The Shuffle Read Blocked Time of my analytic is a significant proportion of the overall processing time (>5%). What can I do to avoid having to wait for the shuffle to finish?

Although Spark's shuffle is carefully engineered to minimize both network and disk I/O by using techniques such as data compression and merge file consolidation, it has the following two fundamental problems that mean it will often become a performance bottleneck:

For these reasons, try to avoid the shuffle where possible, or at least minimize its impact.

Sometimes it's possible to avoid a shuffle altogether, in fact there are patterns, such as Broadcast Variables or Wide Table patterns, that offer suggestions on how to do this, but often it's inevitable and all that can be done is to lessen the amount of data that is transferred, and hence the impact of the shuffle.

In this case, try to construct a Lightweight Shuffle specifically minimizing data transfer - only necessary bytes should be transferred.

Once again, if you use the Dataset and DataFrame API, when the catalyst generates a logical query plan it will perform over 50 optimizations, including pruning any unused columns or partitions automatically (see https://github.com/apache/spark/blob/master/sql/catalyst/src/main/scala/org/apache/spark/sql/catalyst/optimizer/Optimizer.scala).
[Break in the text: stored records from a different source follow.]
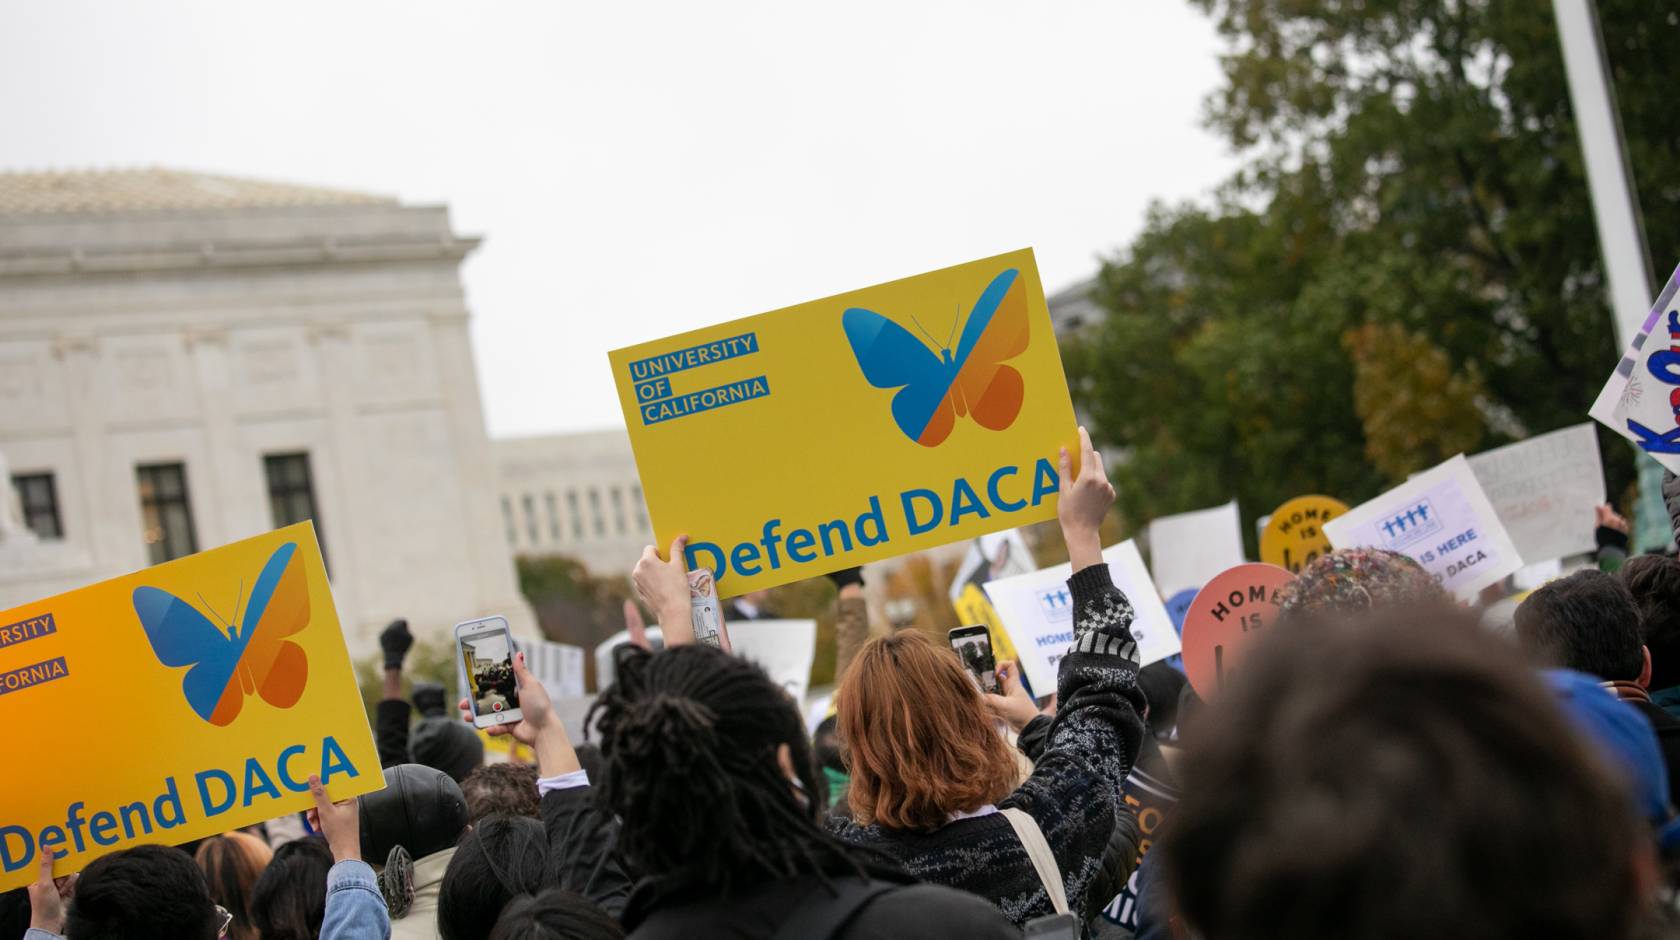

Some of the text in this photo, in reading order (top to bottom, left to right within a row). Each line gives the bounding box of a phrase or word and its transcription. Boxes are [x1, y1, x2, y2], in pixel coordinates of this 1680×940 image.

[634, 335, 753, 379] UNIVERSITY
[640, 381, 665, 400] OF
[645, 380, 766, 422] CALIFORNIA
[684, 458, 1060, 582] Defend DACA
[1279, 508, 1331, 534] HOME
[1300, 526, 1316, 540] IS
[1419, 550, 1436, 565] IS
[1436, 528, 1478, 556] HERE
[1446, 550, 1487, 577] DACA
[1211, 584, 1281, 622] HOME
[1240, 612, 1262, 633] IS
[1035, 631, 1073, 648] HOME
[1, 735, 360, 873] Defend DACA
But if you're using RDDs, you'll have to do this yourself. There's following few techniques that you can try:

The one-to-many or many-to-many relationships in my datasets are producing many shuffles that ruin all my analytics' performance.

In order to optimize your data structures, we advocate denormalizing your data into a form that's useful for your particular type of processing. The approach, described here as the Wide Table pattern, involves combining data structures that are frequently used together, so that they are composed into a single record. This preserves data locality and removes the need to perform expensive joins. The more often a relationship is used, the more you benefit from this data locality.
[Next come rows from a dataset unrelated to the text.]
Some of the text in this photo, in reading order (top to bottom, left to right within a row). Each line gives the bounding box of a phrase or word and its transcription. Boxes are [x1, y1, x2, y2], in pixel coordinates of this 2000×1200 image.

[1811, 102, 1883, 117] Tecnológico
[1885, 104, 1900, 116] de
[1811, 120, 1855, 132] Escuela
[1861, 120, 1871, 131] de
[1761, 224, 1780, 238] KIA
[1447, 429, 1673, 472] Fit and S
The process involves constructing a data representation, view, or table that contains everything you need to do for follow-on processing. You may construct this programmatically, or by standard joins SparkSQL statements. It is then materialized ahead of time and used directly inside your analytics whenever required.

Where necessary, data is duplicated across each row to ensure self-sufficiency. You should resist the urge to factor out additional tables, like those found in third-normal form or in snowflake designs, and instead rely on columnar data formats, such as Parquet and ORC, to provide efficient storage mechanisms without sacrificing fast sequential access. They can do this by arranging data by column and compressing data within each column, which helps alleviate concerns when duplicating data.

Similarly, nested types, classes, or arrays can often be used to good effect inside a record to represent children or composite data classes. Again, avoid necessary dynamic joins at analytic runtime.

My analytic requires many compact reference datasets and dimension tables that, despite their smaller size, cause costly shuffles of all data.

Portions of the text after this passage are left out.